Primeiro porque, graças às opções feitas, os relógios são confiáveis, acurados e de fácil manutenção. Segundo, porque toda a produção é acompanhada de perto por Alexandre. Cada detalhe importa, e o acabamento é primoroso. Terceiro, porque, do ponto de vista estético, os relógios brilham: a recriação de elementos clássicos, de linhas sóbrias, com toques modernos, inclusive pela combinação de cores, é extremamente bem-sucedida. A relação entre funcionalidade e estética, um tema eterno na relojoaria, é extremamente bem resolvida nos Roue.
Já a proposta da Statera Watch Co. é diferente. Com a produção limitada a 300 peças por ano, a empresa – fundada em Maringá em 2022 pelos amigos Antonio dos Santos e Rafael Guimarães – procura combinar tradição relojoeira e mão de obra artesanal, buscando referências em elementos naturais, apresentados de forma muito discreta.
O design limpo das peças, com caixas redondas desenhadas por Angelique Chappuis (uma respeitada especialista em habillage, aquilo que os relógios têm de não mecânico) e usinadas e finalizadas a mão no Brasil, é valorizado pela beleza dos mostradores, para os quais se adota a tradicional técnica do esmalte Grand Feu. Antonio e Rafael começaram como autodidatas, mas, seja para a esmaltação, seja para outros aspectos, buscaram especialização na Suíça. O resultado é verdadeiramente impressionante, com um design ao mesmo tempo limpo e intenso.

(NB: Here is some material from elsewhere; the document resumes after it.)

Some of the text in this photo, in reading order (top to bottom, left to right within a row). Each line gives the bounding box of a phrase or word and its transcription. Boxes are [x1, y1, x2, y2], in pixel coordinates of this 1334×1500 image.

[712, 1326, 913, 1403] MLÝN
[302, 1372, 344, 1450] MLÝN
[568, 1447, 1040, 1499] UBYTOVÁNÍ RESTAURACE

A Statera utiliza movimentos mecânicos feitos na Suíça e ajustados e montados no Brasil. A partir de 2026, ela deve anunciar um movimento próprio. Os preços são mais elevados, na faixa de R$ 18.000 a R$ 20.000. As vendas são predominantemente pelo site.

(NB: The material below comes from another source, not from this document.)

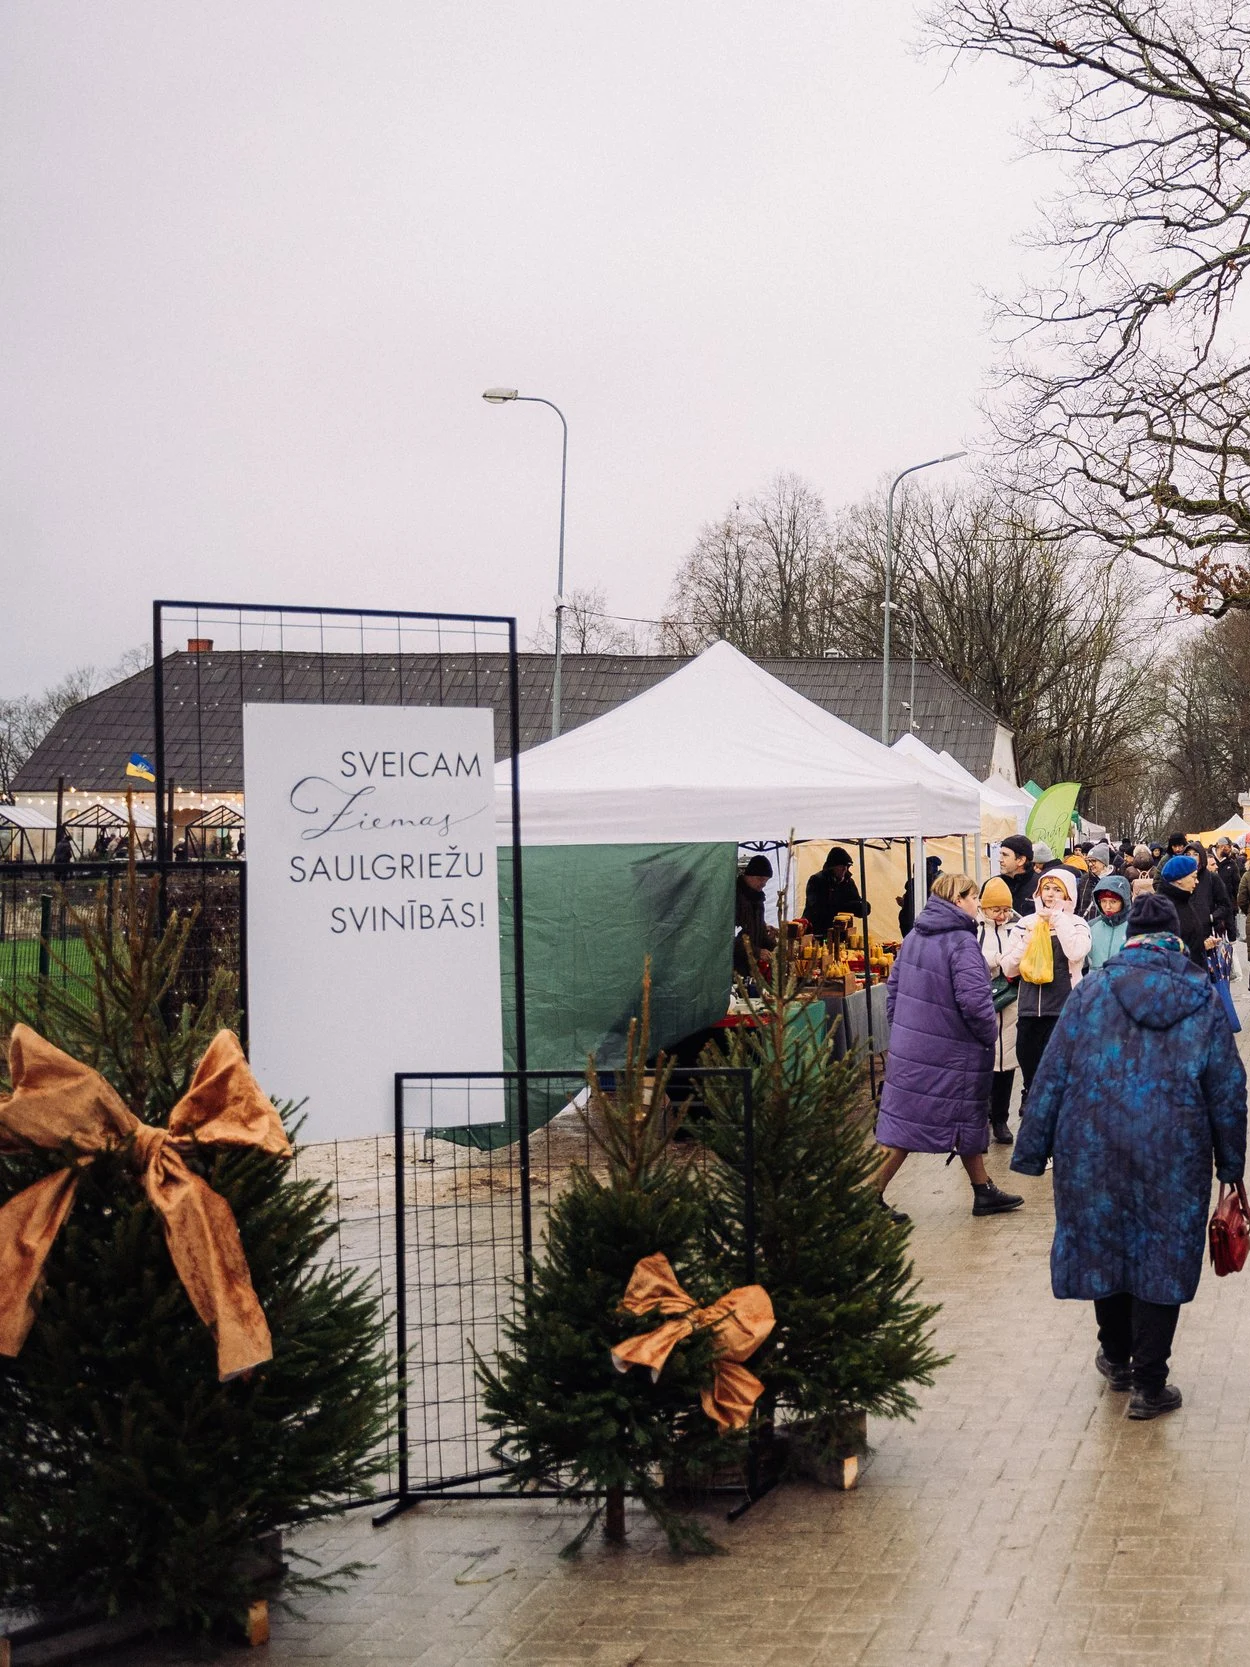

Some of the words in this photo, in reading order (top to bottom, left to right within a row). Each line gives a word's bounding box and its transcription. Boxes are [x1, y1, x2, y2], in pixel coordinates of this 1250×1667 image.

[341, 751, 482, 778] SVEICAM
[290, 776, 488, 840] Ziemas
[289, 845, 484, 882] SAULGRIEŽU
[330, 898, 485, 933] SVINĪBĀS!

Roue e Statera representam bem essa nova tendência da relojoaria. Cada uma tem seu perfil, sua proposta, sua perspectiva autoral. E em ambas o “olho do dono” é essencial. Seus produtos têm qualidade, personalidade e histórias a contar. Por isso mesmo as duas marcas tem recebido atenção de veículos especializados, aqui e no exterior.
Diante da mesmice que cada vez toma mais espaço, e num mundo sem escolhas que mais afasta do que aproxima as novas gerações da alta relojoaria, não pode haver notícia melhor.
Otavio Yazbek é sócio da Yazbek Advogados e aficcionado em relógios.